A Letter From Ireland
I once became friends with a novice Buddhist monk in Australia. We would meet at a meditation class and afterward would grab a cup of tea. His family had emigrated from Ireland. He wanted to know about Ireland and I wanted to know about his journey. I was giving off one day about the slowness of progress and Mick said, “You should always thank those who keep you waiting as they teach you patience.”
I was reminded of those words this week. The DUP again blocked government formation in the North. We have been two years without a government or operating North-South Institutions.
Today is Thursday, January 18th. Ireland is freezing, and snow is expected. In the North, the largest 24-hour public-sector strike in the history of the state is underway leaving schools closed and roads ungritted. They are protesting that their promised pay increase has not been paid.

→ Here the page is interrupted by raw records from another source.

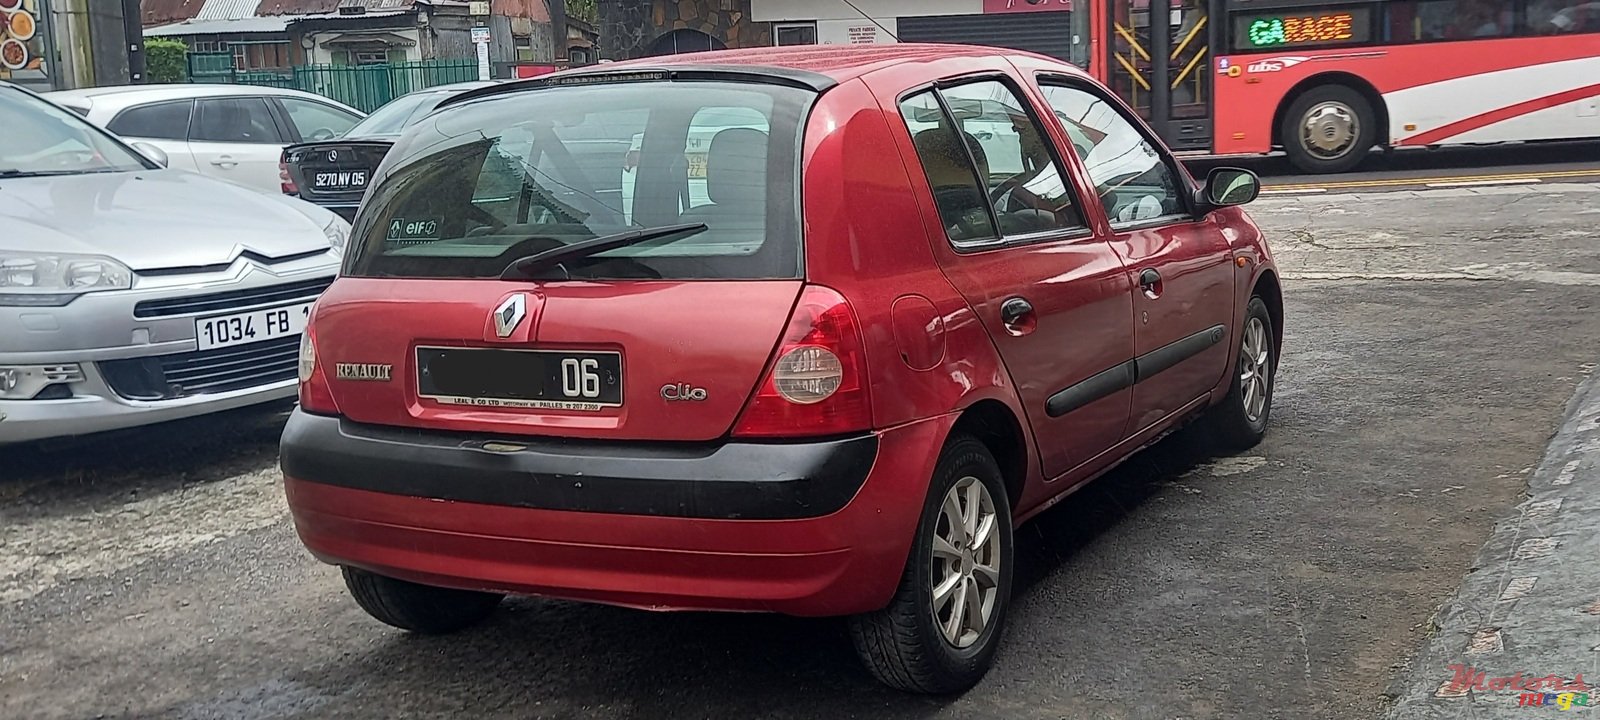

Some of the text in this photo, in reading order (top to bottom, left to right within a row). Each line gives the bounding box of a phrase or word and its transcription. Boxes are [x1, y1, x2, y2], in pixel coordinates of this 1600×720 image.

[1248, 14, 1353, 45] GARAGE
[1247, 61, 1283, 73] ubs
[315, 172, 365, 187] 5270 NV 05
[406, 221, 426, 235] elf
[204, 315, 256, 345] 1034
[265, 309, 290, 336] FB
[335, 362, 393, 380] RENAULT
[561, 358, 600, 398] 06
[660, 382, 707, 401] Clio

The British government has committed to fund the pay rise, but claims that it cannot be administered because there is no government in the North.
The same British government is legally obligated to call an election if the institutions are not re-established by midnight on January 18th.
Rather than abiding by the law and letting the people have their say, the British Government will change the law to avoid an election. This will be pointless and only continue to enable the DUP blockade unless it is matched by a change in policy. The exclusive process of talks between the British and the DUP has not delivered.
The British appear to have learned nothing over the past two years. A new approach is required.
All of this is frustrating for the majority of parties who want to be in a functioning government. It erodes public confidence in the political process which can give way to cynicism.
The DUP have been given time and space to resolve their internal difficulties. Patience has been afforded to the party. Patience does not mean just sitting back and accepting delay. It means not getting annoyed at those who keep you waiting. It also means to continue to work despite the challenges.
The DUP can stay outside the process, and the British and Irish governments can bring forward a contingency plan to safeguard the agreements and progress.
Previously the two governments reconvened the North-South Ministerial Council and progressed all Ireland working. The same can also happen with British-Irish bodies.
The alternative to the Government is the North is not direct rule from London, but a new partnership between the British and Irish Governments. This is provided for in the Agreements. These are good, common sense, temporary arrangements in the absence of a government in the North.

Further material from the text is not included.